## Work task
The result should be an exact copy of the entries that follow, with no pictures included.
━━━━━━━━━━━━━━━━━━━━
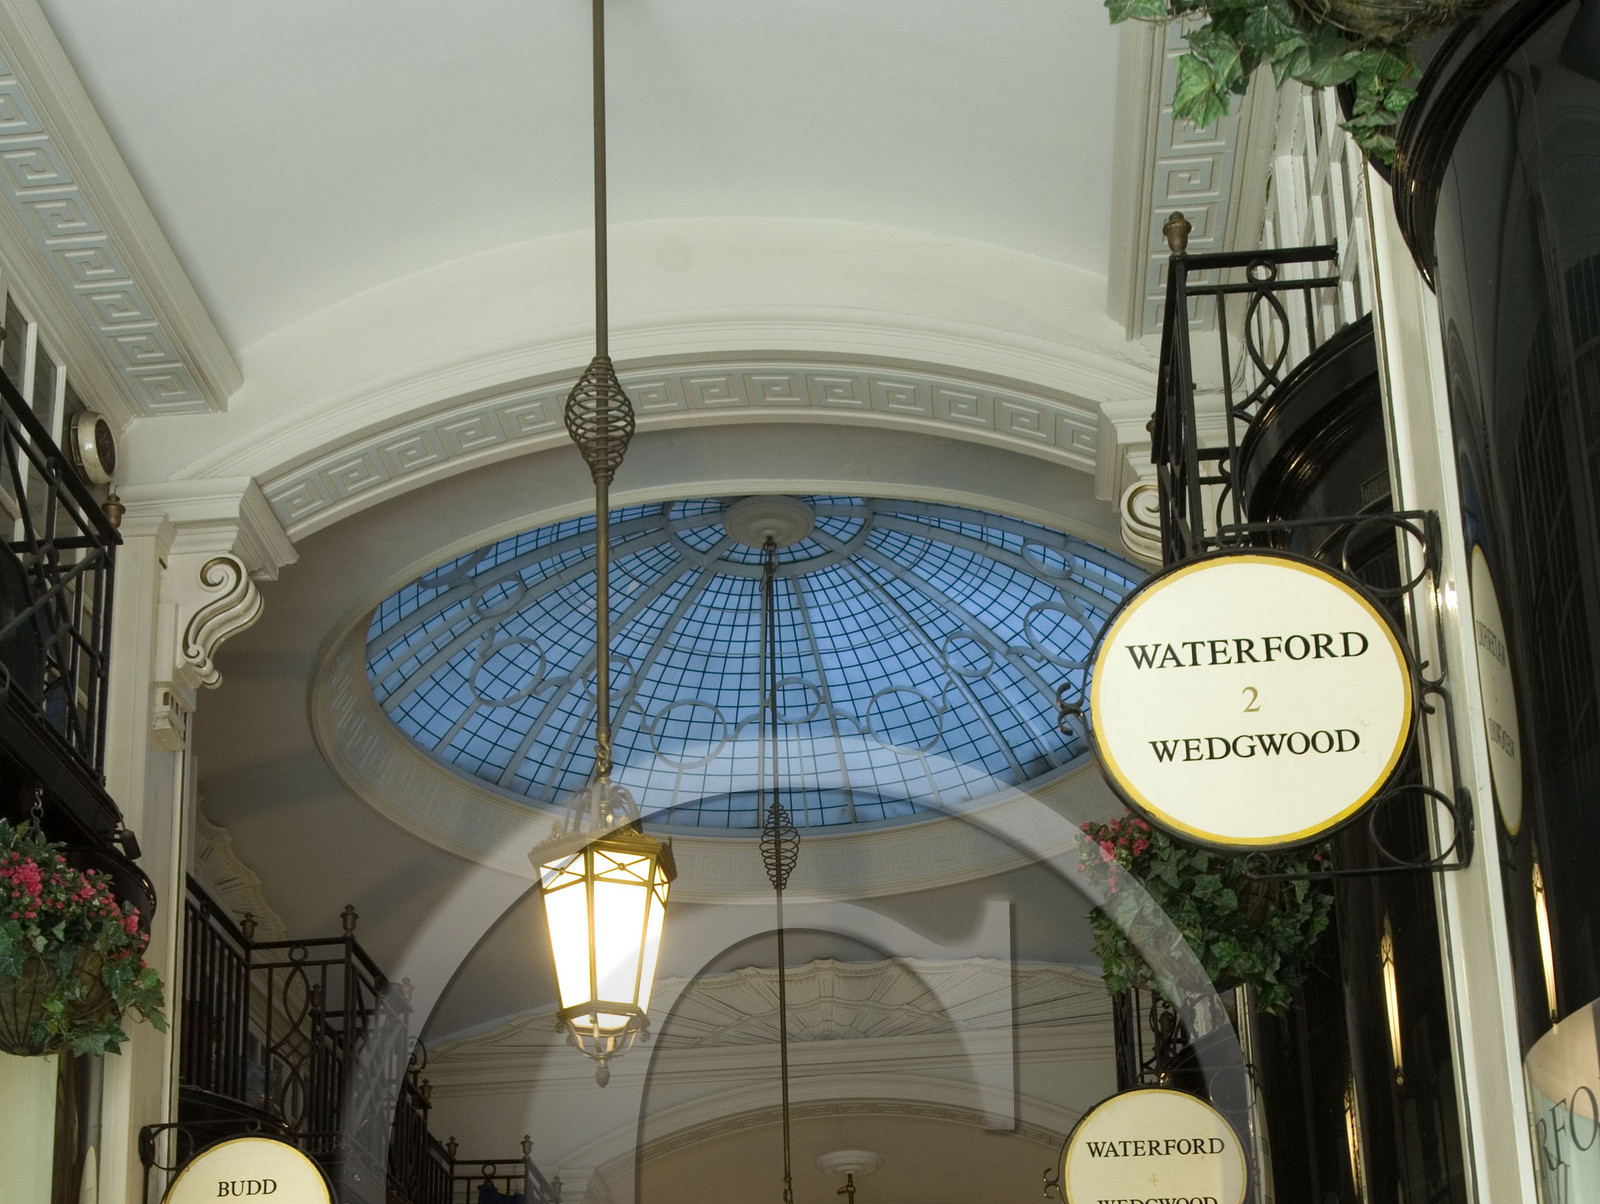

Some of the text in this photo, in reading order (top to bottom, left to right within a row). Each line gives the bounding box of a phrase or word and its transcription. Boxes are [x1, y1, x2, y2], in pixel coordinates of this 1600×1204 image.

[1125, 631, 1369, 670] WATERFORD
[1242, 686, 1261, 712] 2
[1148, 729, 1360, 763] WEDGWOOD
[1086, 1138, 1225, 1158] WATERFORD
[217, 1179, 277, 1197] BUDD
[1147, 1172, 1159, 1187] 4
━━━━━━━━━━━━━━━━━━━━
## Answer below
Some of the text in this photo, in reading order (top to bottom, left to right within a row). Each line gives the bounding box of a phrase or word and its transcription. Boxes are [x1, y1, x2, y2], in pixel coordinates of this 1600×1204 image.

[1125, 631, 1369, 670] WATERFORD
[1242, 686, 1261, 712] 2
[1148, 729, 1360, 763] WEDGWOOD
[1086, 1138, 1225, 1158] WATERFORD
[217, 1179, 277, 1197] BUDD
[1147, 1172, 1159, 1187] 4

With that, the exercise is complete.